[DATASET ENTRIES — start]
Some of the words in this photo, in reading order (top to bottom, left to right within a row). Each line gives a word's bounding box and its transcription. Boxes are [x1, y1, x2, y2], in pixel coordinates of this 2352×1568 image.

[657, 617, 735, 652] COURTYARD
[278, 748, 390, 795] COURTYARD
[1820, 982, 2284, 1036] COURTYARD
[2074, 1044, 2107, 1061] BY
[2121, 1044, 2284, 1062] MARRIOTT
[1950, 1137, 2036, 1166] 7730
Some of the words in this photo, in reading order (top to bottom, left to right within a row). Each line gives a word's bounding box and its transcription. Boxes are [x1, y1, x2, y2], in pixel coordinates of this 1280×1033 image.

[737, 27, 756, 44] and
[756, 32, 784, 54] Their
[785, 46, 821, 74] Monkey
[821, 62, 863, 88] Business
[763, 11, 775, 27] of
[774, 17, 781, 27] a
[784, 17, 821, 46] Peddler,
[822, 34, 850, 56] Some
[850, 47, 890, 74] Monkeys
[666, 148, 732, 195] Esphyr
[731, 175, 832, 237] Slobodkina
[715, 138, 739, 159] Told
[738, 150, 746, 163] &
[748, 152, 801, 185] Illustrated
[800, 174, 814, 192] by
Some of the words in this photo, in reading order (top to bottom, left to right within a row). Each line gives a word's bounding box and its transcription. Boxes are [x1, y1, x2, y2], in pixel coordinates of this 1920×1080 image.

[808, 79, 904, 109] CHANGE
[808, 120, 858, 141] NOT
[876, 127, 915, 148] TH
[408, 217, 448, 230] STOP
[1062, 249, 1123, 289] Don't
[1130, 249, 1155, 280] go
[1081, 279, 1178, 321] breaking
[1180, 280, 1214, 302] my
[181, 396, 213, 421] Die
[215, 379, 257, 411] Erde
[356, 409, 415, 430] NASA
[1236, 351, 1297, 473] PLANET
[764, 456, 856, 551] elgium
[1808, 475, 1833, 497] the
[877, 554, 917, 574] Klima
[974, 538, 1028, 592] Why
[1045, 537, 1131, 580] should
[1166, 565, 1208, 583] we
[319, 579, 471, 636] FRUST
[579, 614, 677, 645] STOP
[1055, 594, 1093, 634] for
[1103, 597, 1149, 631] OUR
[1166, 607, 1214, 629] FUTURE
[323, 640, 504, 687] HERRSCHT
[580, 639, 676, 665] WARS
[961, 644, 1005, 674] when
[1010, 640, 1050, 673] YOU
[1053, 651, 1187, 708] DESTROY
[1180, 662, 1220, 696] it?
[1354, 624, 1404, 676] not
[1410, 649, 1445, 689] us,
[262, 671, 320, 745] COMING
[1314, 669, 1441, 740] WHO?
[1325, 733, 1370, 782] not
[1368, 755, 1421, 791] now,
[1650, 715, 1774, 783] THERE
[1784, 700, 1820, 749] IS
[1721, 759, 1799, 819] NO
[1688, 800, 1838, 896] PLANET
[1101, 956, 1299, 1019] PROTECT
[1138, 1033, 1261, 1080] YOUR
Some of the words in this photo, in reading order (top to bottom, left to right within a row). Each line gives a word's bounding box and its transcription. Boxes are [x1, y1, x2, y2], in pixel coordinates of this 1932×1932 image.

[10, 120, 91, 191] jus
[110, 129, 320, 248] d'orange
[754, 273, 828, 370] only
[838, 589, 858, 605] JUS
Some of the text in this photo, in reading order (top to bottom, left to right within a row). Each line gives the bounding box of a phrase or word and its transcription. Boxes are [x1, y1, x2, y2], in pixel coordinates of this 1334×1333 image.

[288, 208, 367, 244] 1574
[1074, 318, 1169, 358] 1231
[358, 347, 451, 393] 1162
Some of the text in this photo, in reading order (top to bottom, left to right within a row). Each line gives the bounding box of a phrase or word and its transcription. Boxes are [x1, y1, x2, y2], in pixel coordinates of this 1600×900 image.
[DATASET ENTRIES — finish]
__WHAT IS NEEDED__
All of the data, from the first line to the last, should be written out exactly.

__RESPONSE TO THE TASK__
Some of the words in this photo, in reading order (top to bottom, left to right within a row). Each line gives a word's bounding box and its transcription. Boxes are [x1, y1, x2, y2], in pixel coordinates of this 2352×1568 image.

[657, 617, 735, 652] COURTYARD
[278, 748, 390, 795] COURTYARD
[1820, 982, 2284, 1036] COURTYARD
[2074, 1044, 2107, 1061] BY
[2121, 1044, 2284, 1062] MARRIOTT
[1950, 1137, 2036, 1166] 7730
Some of the words in this photo, in reading order (top to bottom, left to right within a row). Each line gives a word's bounding box and its transcription. Boxes are [x1, y1, x2, y2], in pixel coordinates of this 1280×1033 image.

[737, 27, 756, 44] and
[756, 32, 784, 54] Their
[785, 46, 821, 74] Monkey
[821, 62, 863, 88] Business
[763, 11, 775, 27] of
[774, 17, 781, 27] a
[784, 17, 821, 46] Peddler,
[822, 34, 850, 56] Some
[850, 47, 890, 74] Monkeys
[666, 148, 732, 195] Esphyr
[731, 175, 832, 237] Slobodkina
[715, 138, 739, 159] Told
[738, 150, 746, 163] &
[748, 152, 801, 185] Illustrated
[800, 174, 814, 192] by
Some of the words in this photo, in reading order (top to bottom, left to right within a row). Each line gives a word's bounding box and its transcription. Boxes are [x1, y1, x2, y2], in pixel coordinates of this 1920×1080 image.

[808, 79, 904, 109] CHANGE
[808, 120, 858, 141] NOT
[876, 127, 915, 148] TH
[408, 217, 448, 230] STOP
[1062, 249, 1123, 289] Don't
[1130, 249, 1155, 280] go
[1081, 279, 1178, 321] breaking
[1180, 280, 1214, 302] my
[181, 396, 213, 421] Die
[215, 379, 257, 411] Erde
[356, 409, 415, 430] NASA
[1236, 351, 1297, 473] PLANET
[764, 456, 856, 551] elgium
[1808, 475, 1833, 497] the
[877, 554, 917, 574] Klima
[974, 538, 1028, 592] Why
[1045, 537, 1131, 580] should
[1166, 565, 1208, 583] we
[319, 579, 471, 636] FRUST
[579, 614, 677, 645] STOP
[1055, 594, 1093, 634] for
[1103, 597, 1149, 631] OUR
[1166, 607, 1214, 629] FUTURE
[323, 640, 504, 687] HERRSCHT
[580, 639, 676, 665] WARS
[961, 644, 1005, 674] when
[1010, 640, 1050, 673] YOU
[1053, 651, 1187, 708] DESTROY
[1180, 662, 1220, 696] it?
[1354, 624, 1404, 676] not
[1410, 649, 1445, 689] us,
[262, 671, 320, 745] COMING
[1314, 669, 1441, 740] WHO?
[1325, 733, 1370, 782] not
[1368, 755, 1421, 791] now,
[1650, 715, 1774, 783] THERE
[1784, 700, 1820, 749] IS
[1721, 759, 1799, 819] NO
[1688, 800, 1838, 896] PLANET
[1101, 956, 1299, 1019] PROTECT
[1138, 1033, 1261, 1080] YOUR
Some of the words in this photo, in reading order (top to bottom, left to right within a row). Each line gives a word's bounding box and its transcription. Boxes are [x1, y1, x2, y2], in pixel coordinates of this 1932×1932 image.

[10, 120, 91, 191] jus
[110, 129, 320, 248] d'orange
[754, 273, 828, 370] only
[838, 589, 858, 605] JUS
Some of the text in this photo, in reading order (top to bottom, left to right within a row). Each line gives the bounding box of a phrase or word and its transcription. Boxes are [x1, y1, x2, y2], in pixel coordinates of this 1334×1333 image.

[288, 208, 367, 244] 1574
[1074, 318, 1169, 358] 1231
[358, 347, 451, 393] 1162
Some of the text in this photo, in reading order (top to bottom, left to right within a row). Each line gives the bounding box of a phrase or word and its transcription. Boxes are [x1, y1, x2, y2], in pixel coordinates of this 1600×900 image.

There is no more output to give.